Vom Hafen aus sind es nur ein paar Schritte in die Altstadt, die glücklicherweise nicht völlig zerstört worden war im letzten Krieg. Um den Hafen herum ist hauptsächlich Nachkriegsarchitektur zu sehen, schlendert man durch die Gassen der Altstadt, findet man das typisch französische Flair kleiner Städte.

Das Café de Paris, direkt am Hafenbecken gelegen,  ist meine Empfehlung für die Mittagszeit oder das Abendessen.


Kleine Helfer

Mitesser

 

Ameisen auf Apfel

Sie schaffen 280 g in 48 Stunden. Alles, was sie fressen, muss ich nicht aufheben.


Obsternte

Wegen der Ernte muss ich meinen Reisebericht über die Normandie kurz unterbrechen. Es gibt sehr viel Äpfel dieses Jahr aber auch sehr viel beschädigtes, unbrauchbares Obst.
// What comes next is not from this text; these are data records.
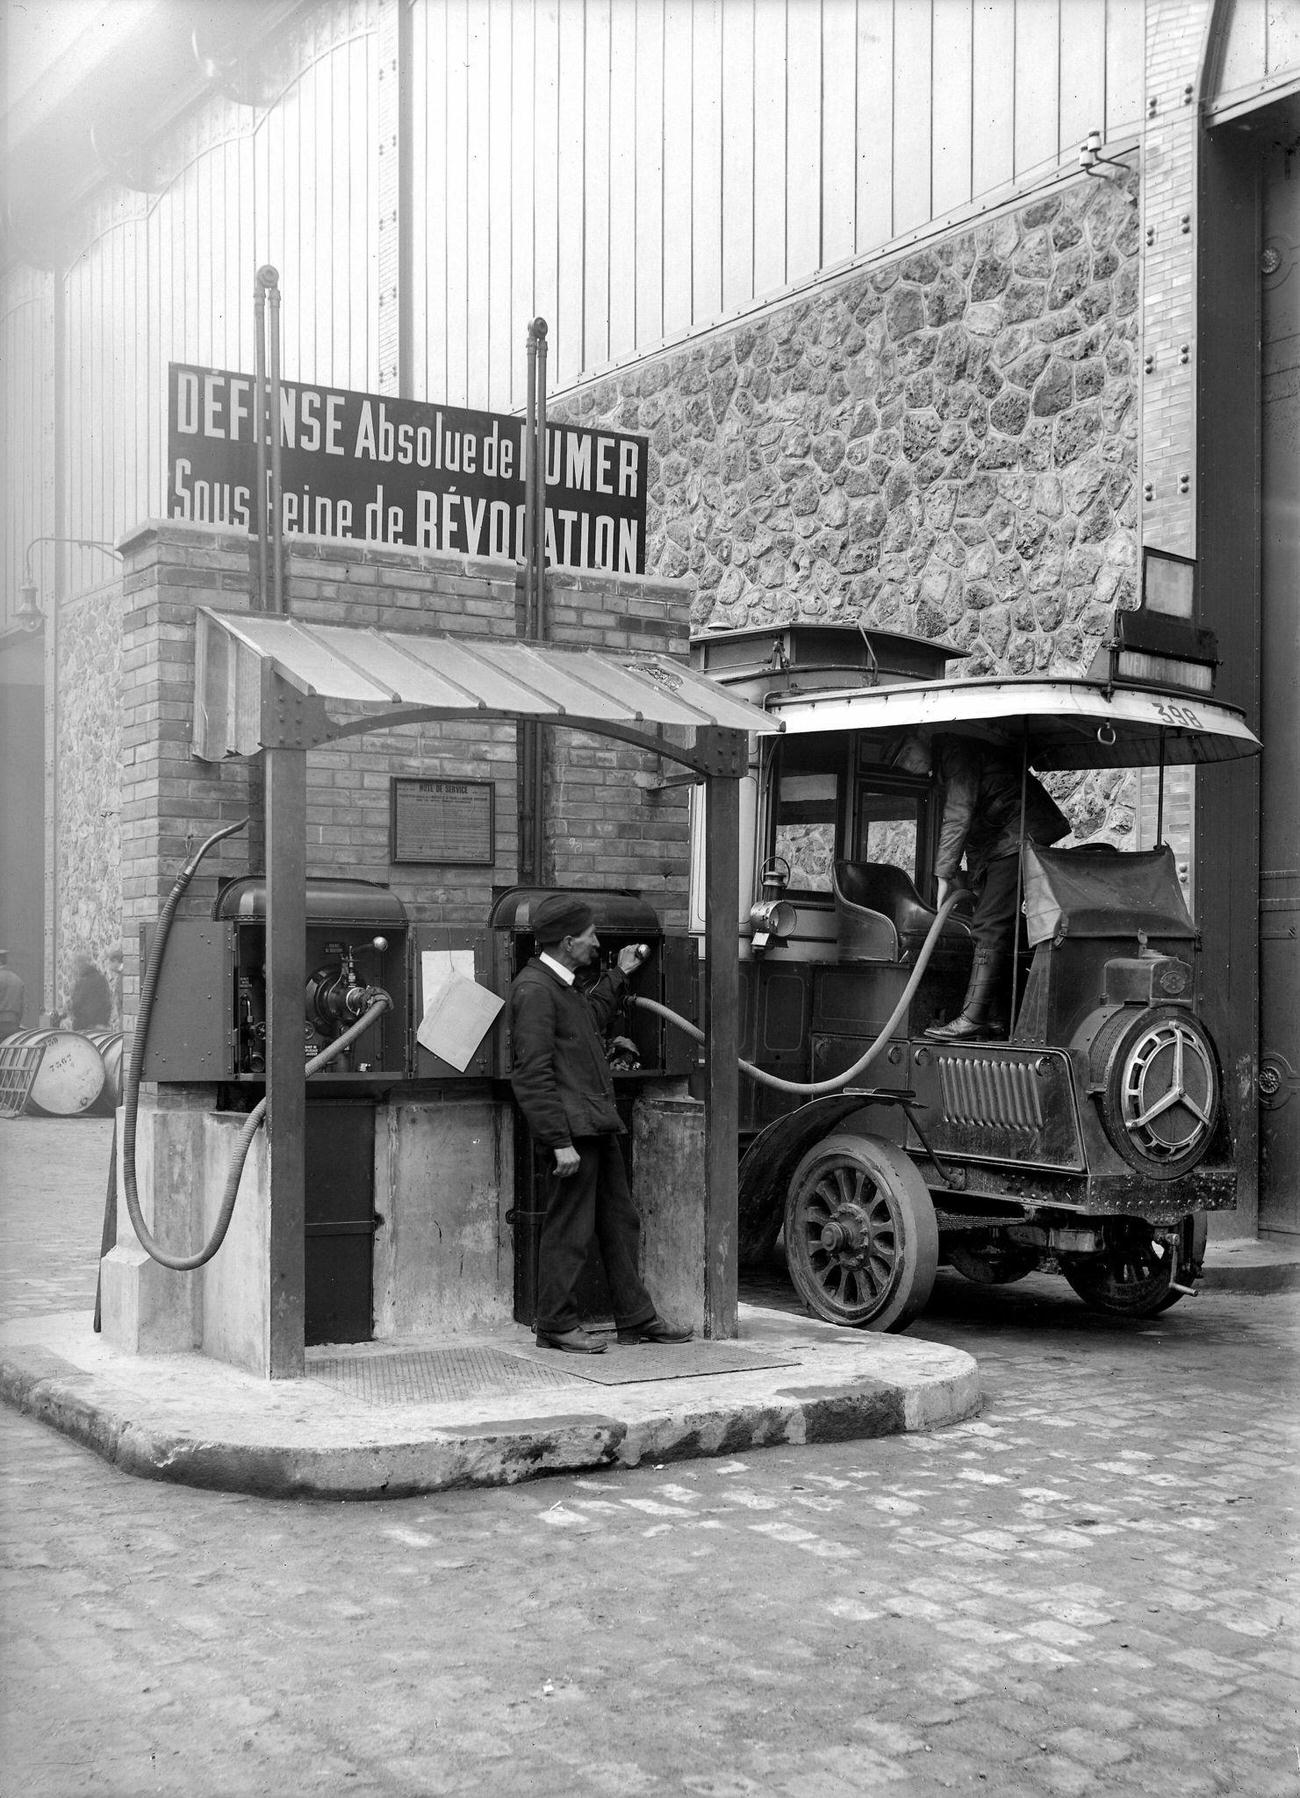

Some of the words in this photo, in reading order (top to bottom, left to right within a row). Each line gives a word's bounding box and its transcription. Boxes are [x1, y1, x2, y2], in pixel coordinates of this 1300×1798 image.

[355, 400, 477, 474] Absolue
[483, 420, 513, 480] de
[174, 458, 251, 527] Sous
[366, 485, 404, 545] de
[1152, 702, 1204, 729] 398
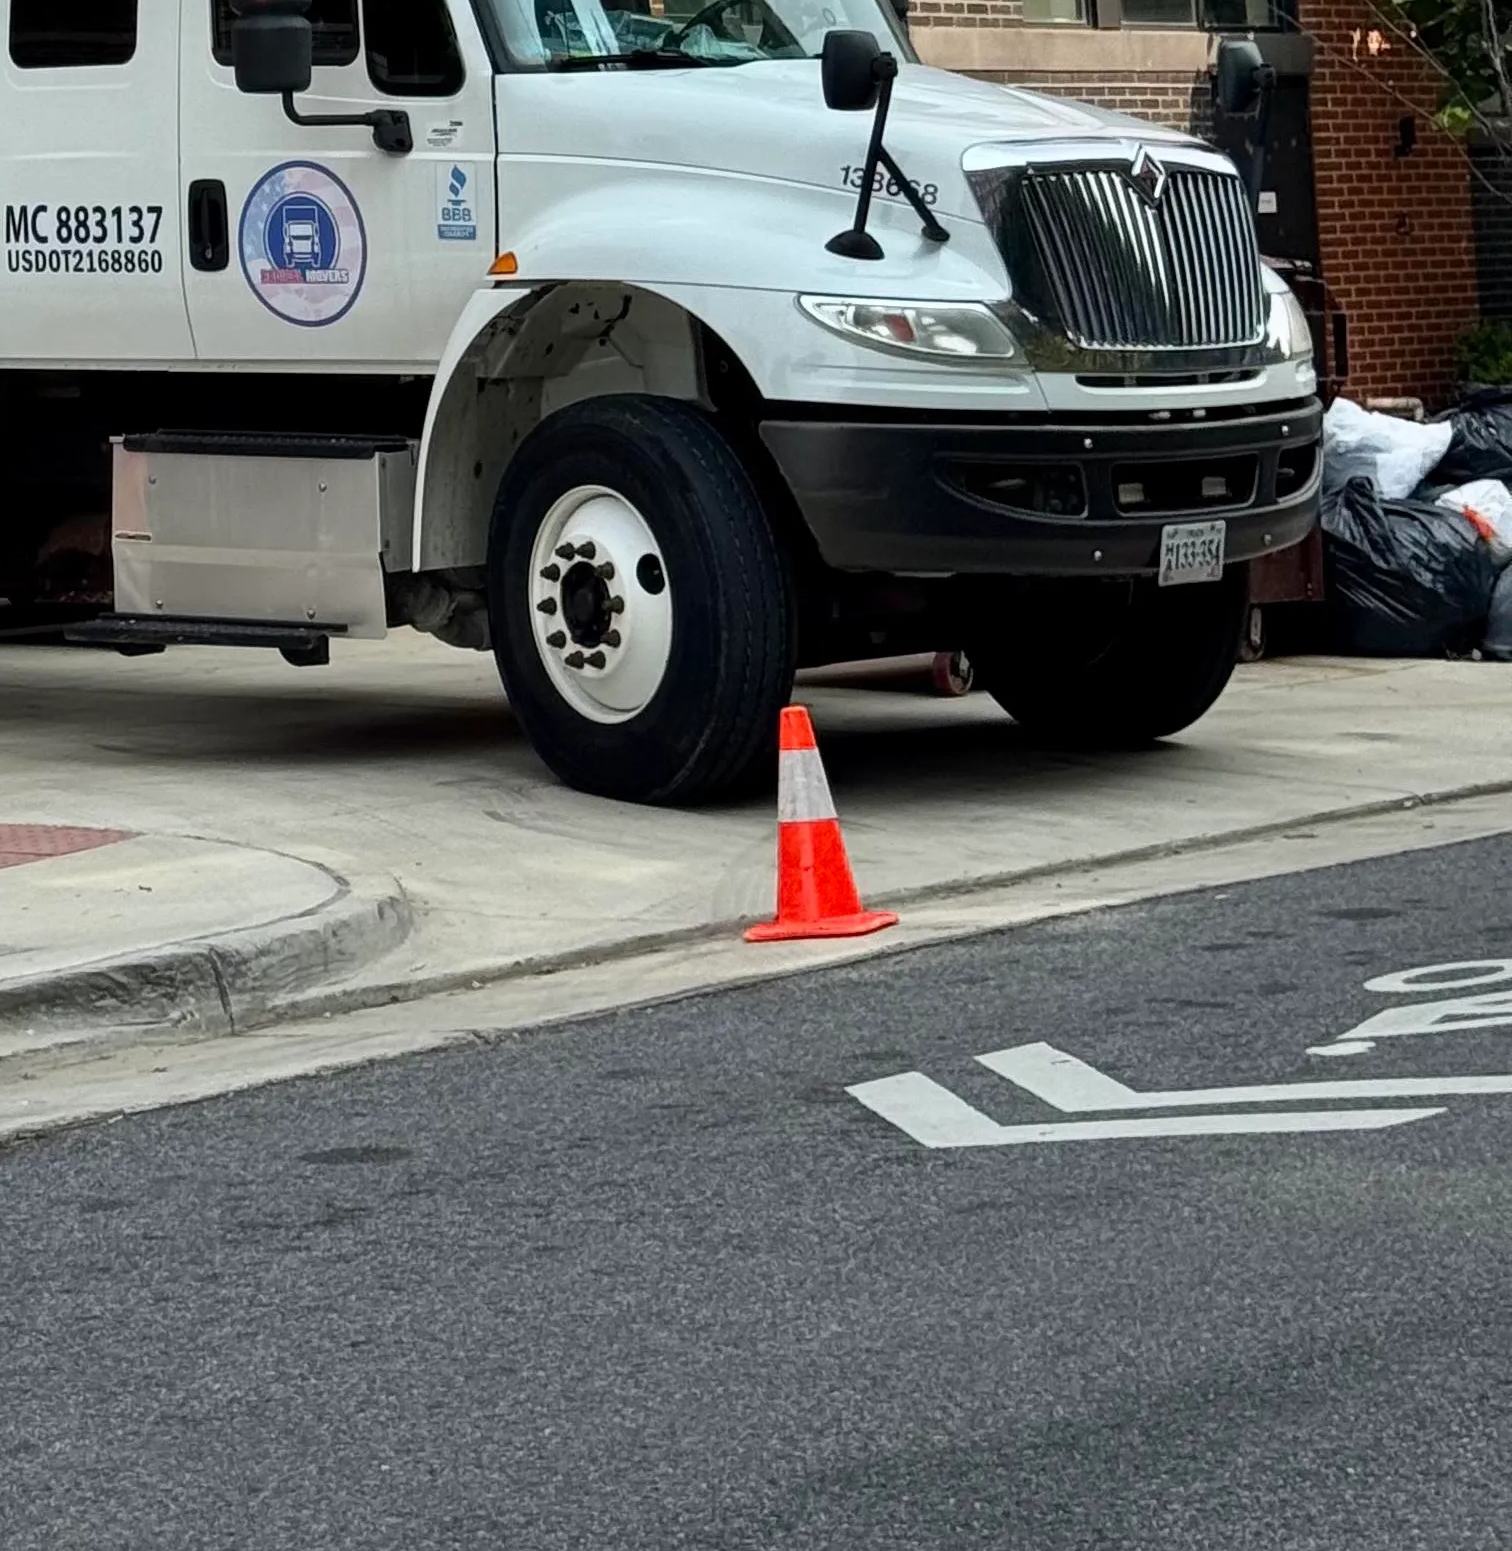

Es war zu feucht. Ich musste sehr viel Obst beiseite schaffen. Aber jetzt kommt das meiste zur Obstkelterei. Nur die Birnenquitten waren uneingeschränkt prächtig, bis zu 500 g das Stück und innen wie außen goldgelb.


Keine Verbindung nach England

Am nächsten Morgen wies uns die Hausdame nach einem guten Frühstück den Weg zur nächsten Tankstelle, etwa 6 km entfernt. Nach den Berechnungen meines liebsten Reisebegleiters hatten wir noch eineinhalb Liter Benzin im Tank. Tagsüber waren die Straßen zum Glück ein wenig belebter, innerhalb einer viertel Stunde kam schon mal ein Auto vorbei. Wir erreichten die Tankstelle an einer Hauptstraße. Die Zapfsäule zeigte von einen Betrag von 7,36 und ließ sich nicht auf Null stellen. Der Tankstellenmann verhandelte direkt neben uns mit einem Lastwagenfahrer und ließ sich nicht stören. Schließlich gab im Inneren der Werkstatt jemand Auskunft, dass diese Zapfsäule, die einzige, defekt sei. Wir erfuhren als freiwillige Zugabe, dass die nächste Tankstelle in 1 km Entfernung beim SuperU zu finden sei.

Bis dahin ging es bergab und beinahe wären wir noch daran vorbeigefahren. Der Tank fasst 60 Liter, getankt haben wir 61,5 Liter. Noch mal gut gegangen! So konnten wir jetzt mit Ruhe weiterfahren nach Barneville-Carteret, wie Surtainville an der Westküste der Halbinsel. Dort wollten wir nachschauen, ob uns tatsächlich keine Fähre nach Jersey hinüber bringen würde. Die Ermittlungen im Internet hatten das ergeben. Es stellte sich als richtig heraus, die ganze Woche gab es keine Fährverbindung. Wie konnte das sein?

Hafeneinfahrt Barneville-Carteret

Die Insel war deutlich zu erkennen, bei klarer Sicht sogar die Felsen, die im Wasser vor der Insel aufragen. Wir hatten den Eindruck, ein Ruderboot würde genügen, so ruhig wie das Wasser war ohne Wind. Gab es denn hier keinen Austausch von der Insel zum Festland und zurück? Das ist doch bei allen Inseln so. In der Saison gibt es wohl einen Fährverkehr, wie uns schien, aber nur für Touristen.

Im Segelhafen fragte ich mich, ob diese Boote, wenn sie denn segeln, bis Jersey hinüber kommen. Aber segeln sieht man sie ja so gut wie nie, sie liegen immer nur in Häfen herum.

Statt eines Fährausflugs haben wir eine Wanderung unternommen, hoch zum Leuchtturm und zurück. Es hatte sich gelohnt, hierher zu fahren, die Landschaft bietet alles, was man sich von einer Küste wünschen kann, steile Klippen, weite Strände, hohe Dünen, kleine Wäldchen und noch die Ruine einer alten Kirche.  Leider haben wir mittags im Hafen das schlechteste Essen unserer Reise serviert bekommen.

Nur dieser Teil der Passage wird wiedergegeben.